Recent changes to rail standards, including the simplifying of introducing new rolling stock and requirements for more consistent signage, are anticipated to realise around £5.5m of benefits for the rail industry over the next five years.
Standards are produced to guide the industry, often working to help reduce cost and support economic recovery, with the most recent December update from RSSB expected to make significant financial benefits for UK rail.
The RSSB process includes an economic assessment of the change, which demonstrate the more than £5m impact which could be felt by the changing rail standards, and this is viewed as a credible conservative estimate based on the minimum savings industry could make collectively.
There is fair scope for the true figure to end up much higher.
Standards serve to codify knowledge, capturing previous learning to prevent the need for constant reinvention of the wheel. When used appropriately, they can deliver cost reductions, improved efficiency and enable innovation.
In response to requests from industry, overseen by elected representatives and guided by an overarching strategy, RSSB has a programme of revising existing standards and introducing new ones where there is good cause to do so.

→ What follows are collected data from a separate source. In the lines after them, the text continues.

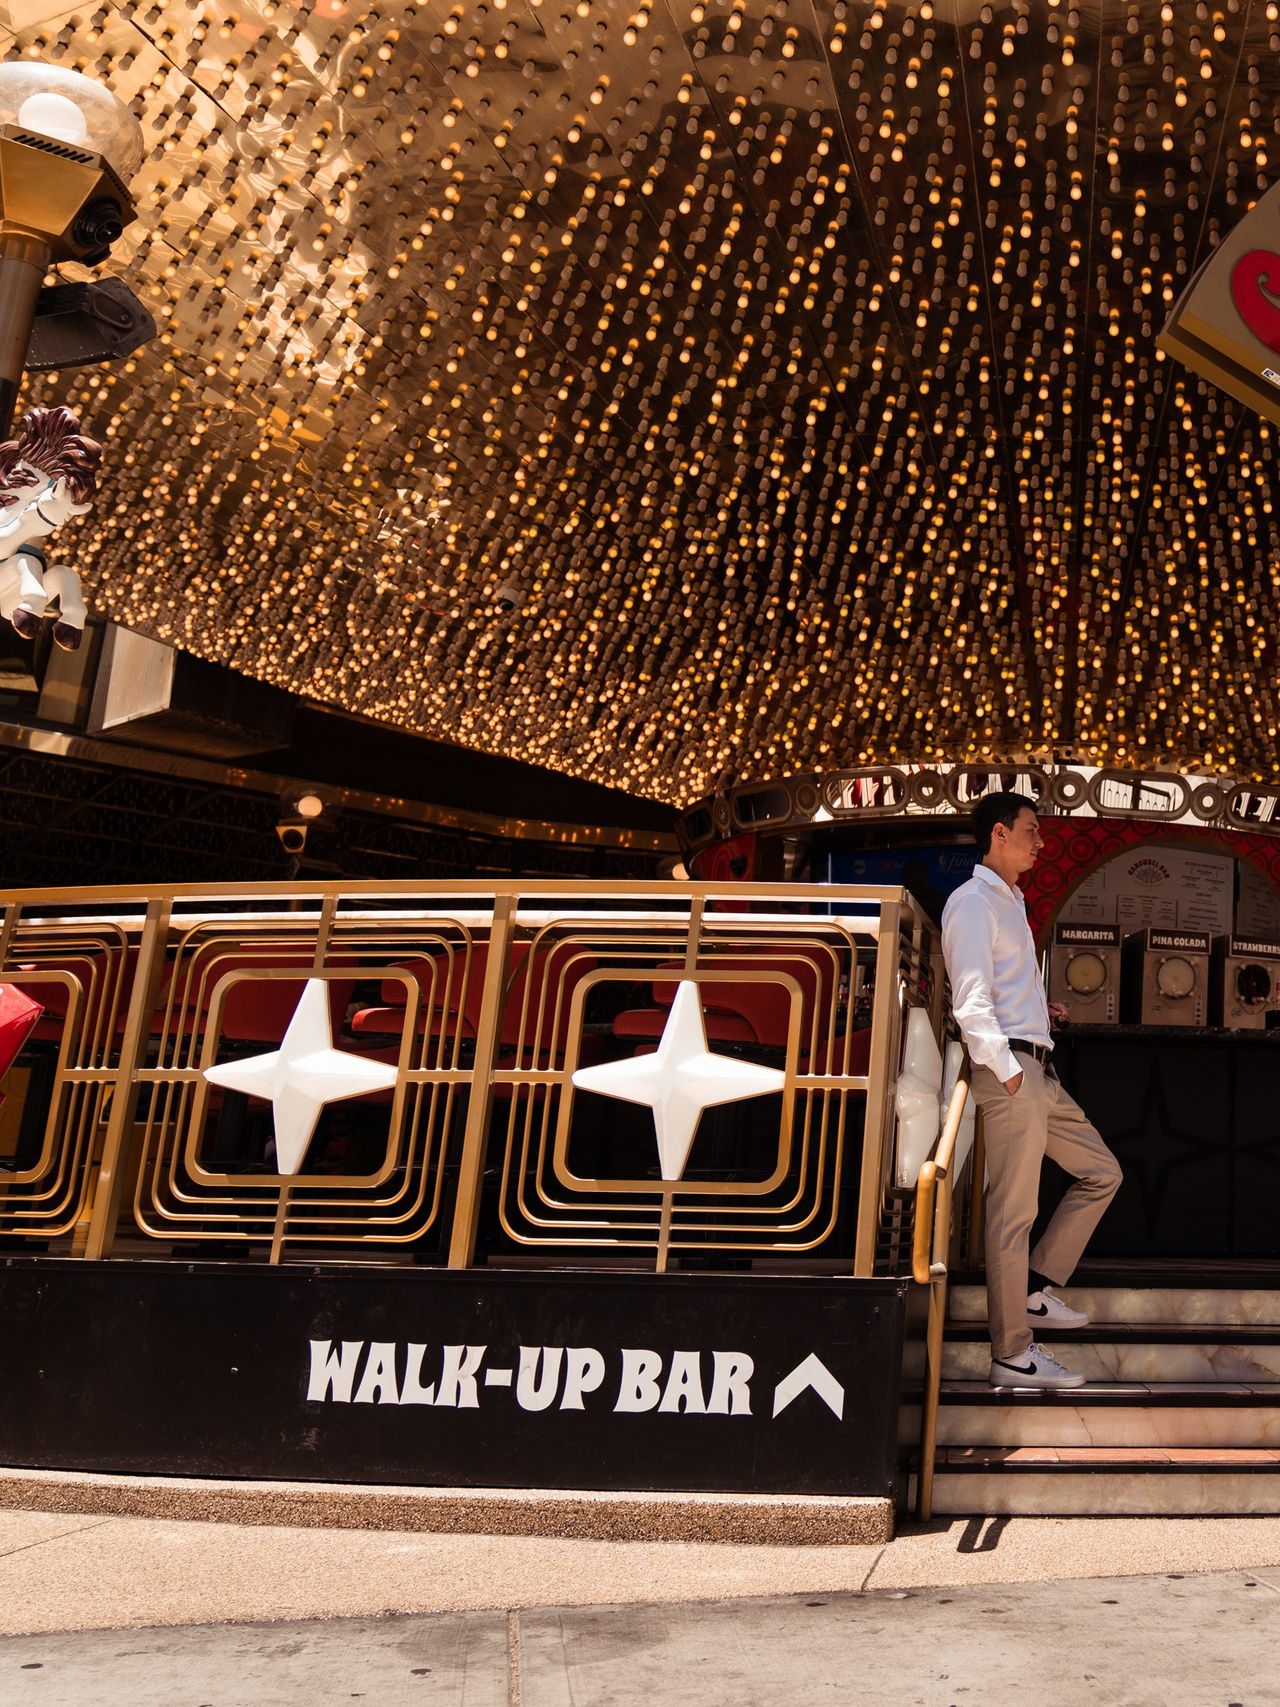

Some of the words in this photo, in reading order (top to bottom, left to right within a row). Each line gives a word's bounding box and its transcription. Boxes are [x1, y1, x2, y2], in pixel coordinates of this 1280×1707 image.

[945, 852, 982, 874] Final
[1128, 858, 1159, 876] CAROUSEL
[1159, 865, 1171, 879] BAR
[1062, 929, 1115, 941] MARGARITA
[1152, 935, 1173, 946] PINA
[1174, 936, 1207, 948] COLADA
[306, 1339, 606, 1412] WALK-UP
[612, 1348, 755, 1416] BAR

In their most recent December update, the RSSB made several changes to rail standards including:
- The standard for vehicle gauges has been revised to introduce new gauge profiles for 26m vehicles, revisions to lower sector gauges and a new methodology for assessing the dynamic behaviour of freight bogies, all developed from RSSB research. These changes simplify the introduction of new vehicles to the network and help better manage compatibility, reducing the need for infrastructure to be modified to accommodate some vehicles. A set of Excel® workbooks are available to simplify data capture and analysis. (GERT8073 Issue four Application of Standard Vehicle Gauges)

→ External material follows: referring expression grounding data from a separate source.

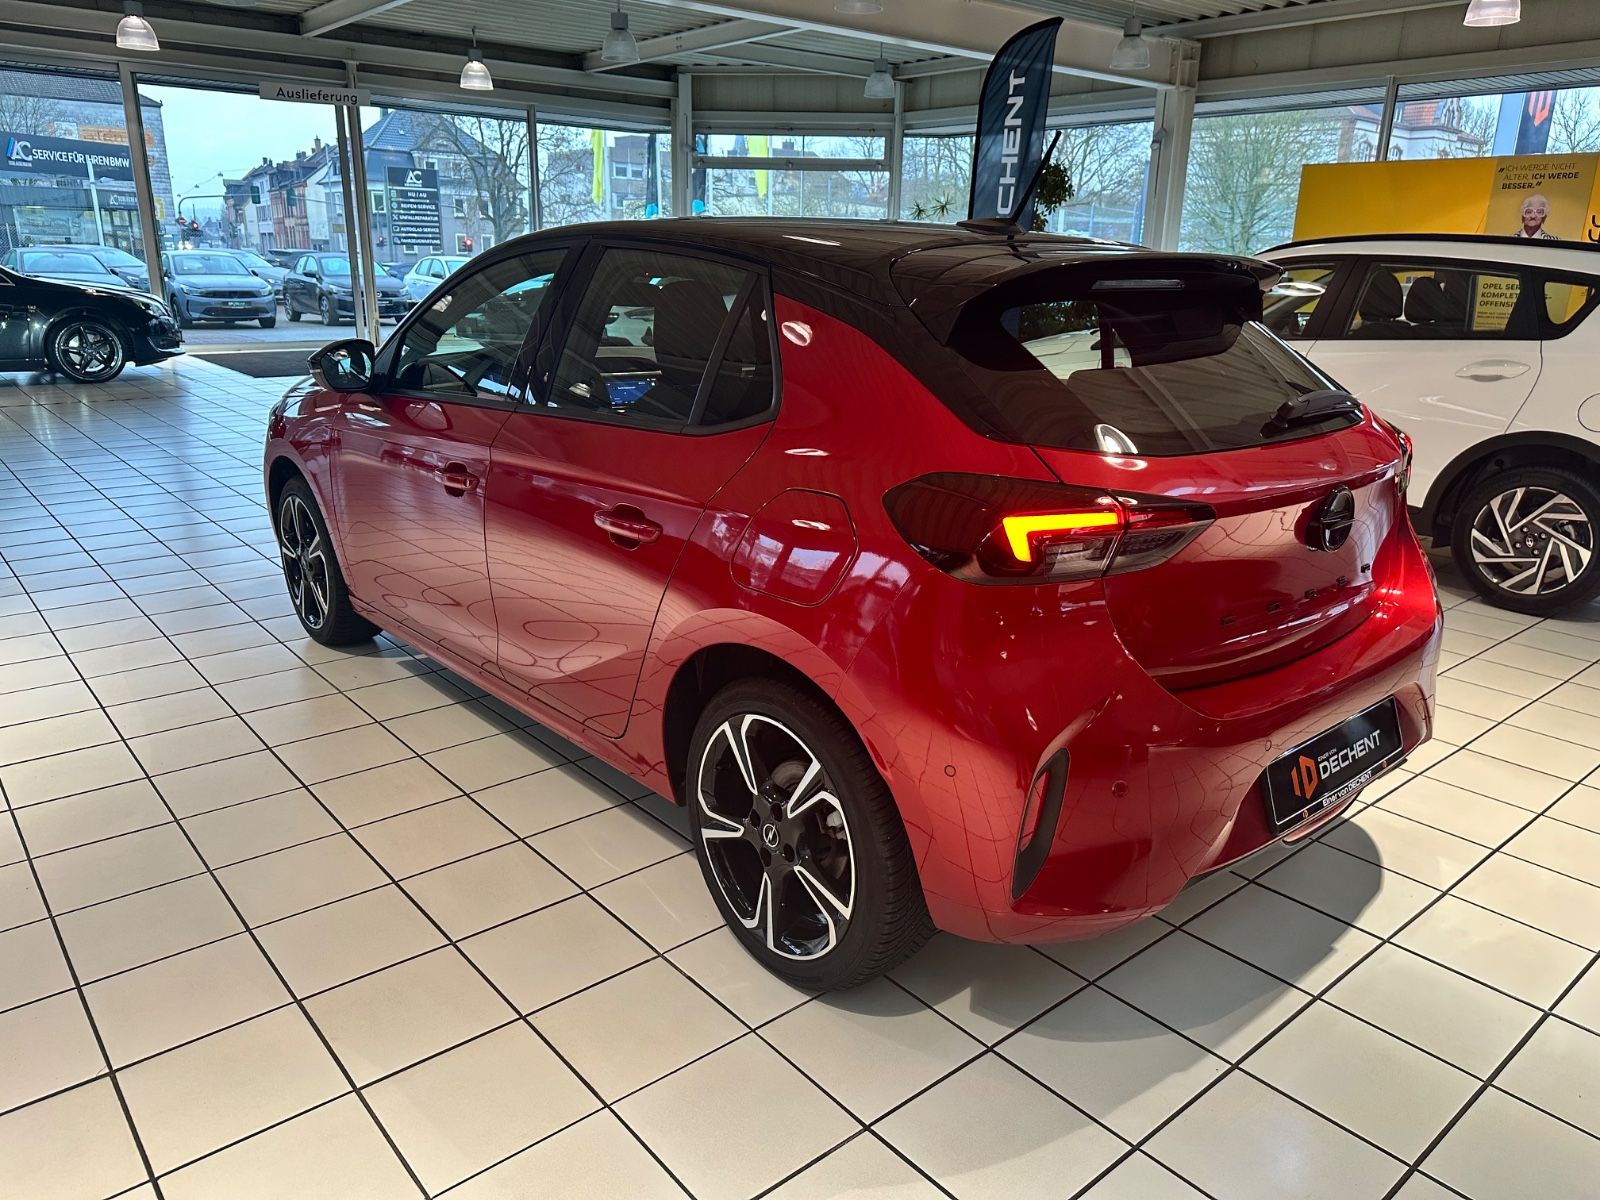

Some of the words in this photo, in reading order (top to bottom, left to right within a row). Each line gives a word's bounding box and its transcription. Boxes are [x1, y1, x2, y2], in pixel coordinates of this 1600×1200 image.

[276, 87, 358, 105] Auslieferung
[996, 69, 1026, 215] CHENT
[32, 149, 68, 162] SERVICE
[68, 151, 85, 164] FÜR
[110, 156, 130, 168] BMW
[1520, 163, 1550, 171] WERDE
[1551, 162, 1576, 171] NICHT
[1531, 172, 1546, 180] ICH
[1548, 171, 1580, 180] WERDE
[1482, 282, 1503, 290] OPEL
[1505, 283, 1520, 291] SER
[1481, 291, 1519, 299] KOMPLET
[1479, 300, 1514, 308] OFFENSI
[1319, 729, 1380, 780] DECHENT
[1347, 770, 1372, 792] DECHENT

- The standards addressing the design of lineside signs, the process to introduce new sign designs and the signage arrangement for permissible speeds have been revised. The changes reflect current good practice, better support the introduction of new signs and clarify the scope of National Technical Rules, contributing to more effective assurance. (GIRT7033 issue four Lineside Operational Signs: Product Requirements, RIS-0733-CCS issue one Lineside Operational Signs, RIS-0734-CCS issue 1 Signing of Permissible Speeds)
- The proliferation of stop car markers on station platforms introduces risk of confusion, with trains not stopping where they should and the possibility of doors being released beyond the platform. Multiple signs for similar purposes also introduce avoidable costs. For the first time, a new standard sets the arrangements for railway companies to cooperate on sign positioning to better manage safety and reduce cost. (RIS 3782 TOM Issue one Car Stop Markers Provision on Station Platforms)

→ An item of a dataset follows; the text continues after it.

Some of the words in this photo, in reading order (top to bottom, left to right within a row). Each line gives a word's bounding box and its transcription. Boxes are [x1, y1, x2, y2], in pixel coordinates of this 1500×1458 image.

- Previous guidance on axle bearing maintenance has been revised and developed into a Rail Industry Standard. This includes requirements for maintenance policies, plan and competence management and incorporates previous research on human factors analysis of axle bearing maintenance. The new standard contributes to improved safety and performance. (RIS 2646-RST Issue one Axle Bearing Maintenance)
- RSSB has a range of standards that support the introduction of the Digital Railway. The European Train Control System (ETCS) can be used to send messages between trains and the trackside for other systems, such as automatic selective door operation and automatic traction power changeover. The first version of the standard for this functionality (known as ‘Packet 44’ due to the message protocol) was published in 2003. This third version simplifies the management of different applications and promotes the reuse of existing applications to avoid duplicating functions, which would otherwise result in more trackside equipment and greater complexity. (RIS-0784-CCS Issue two The Management of Packet 44 Applications)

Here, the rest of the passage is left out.